Methods and results Two hundred and one consecutive patients with persistent atrial fibrillation (147 male, mean age 63±1 years, duration of atrial fibrillation 6.3±1 months) were randomly assigned to cardioversion using either a sinusoidal monophasic or a truncated exponential biphasic shock wave form. The first half of patients were cardioverted using adhesive patch electrodes, the second half using hand-held steel paddle electrodes, and all patients using an anteriorposterior electrode position. Paddle electrodes successfully cardioverted 100/104 patients (96%) and patch electrodes 85/97 patients (88%, P=0.04). This effect was comparable to that of biphasic shocks: biphasic shocks cardioverted 102/104 patients (98%) and monophasic shocks 83/97 patients (86%, P=0.001). A beneficial effect of paddle electrodes was observed for both shock wave forms. After cross-over from an ineffective monophasic to a biphasic shock, cardioversion was successful in 198/201 (98.5%) patients. Unsuccessful cardioversion after cross-over (3/201 patients) only occurred with patch electrodes (P=0.07).
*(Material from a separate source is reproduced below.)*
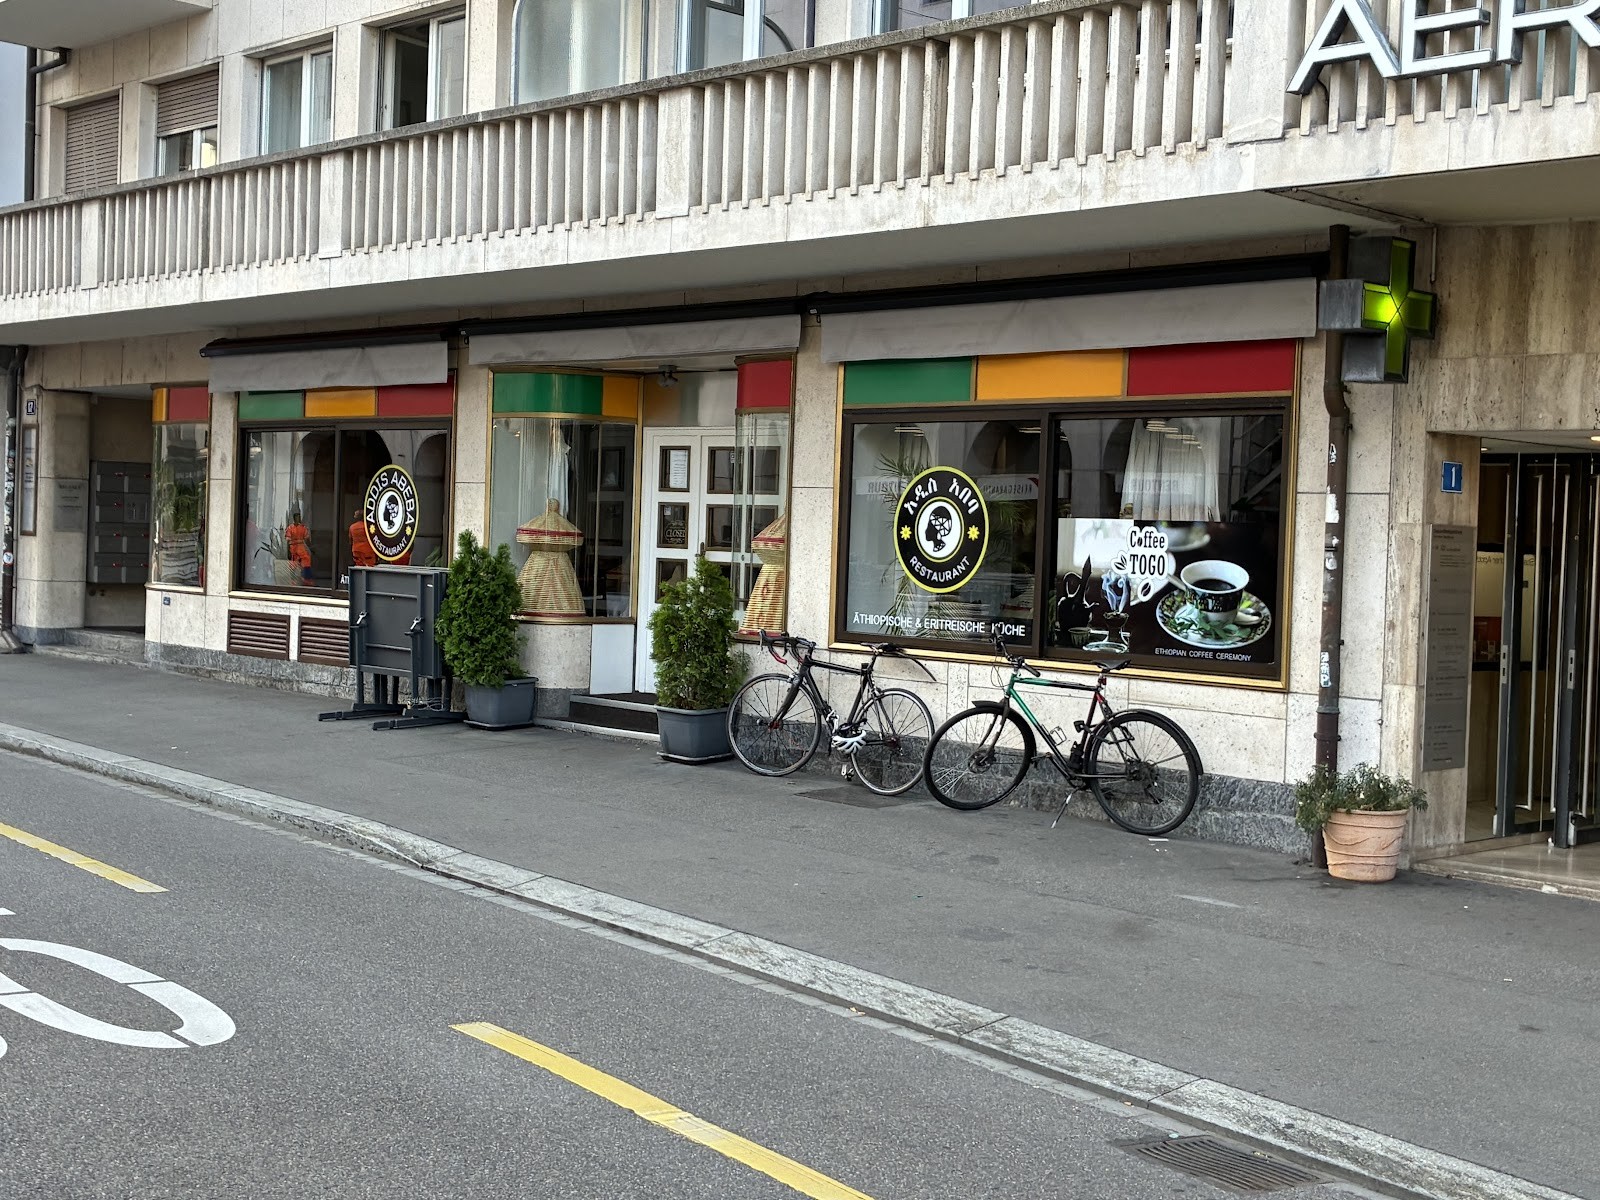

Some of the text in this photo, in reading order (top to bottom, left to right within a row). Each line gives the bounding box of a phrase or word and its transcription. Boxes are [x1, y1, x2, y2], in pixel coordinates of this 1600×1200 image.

Conclusion Hand-held paddle electrodes increase success of external cardioversion of atrial fibrillation in this trial. This increase is of similar magnitude as the increase in cardioversion success achieved with biphasic shocks. A combination of biphasic shocks, paddle electrodes, and an anteriorposterior electrode position renders outcome of external cardioversion almost always successful (104/104 patients in this trial).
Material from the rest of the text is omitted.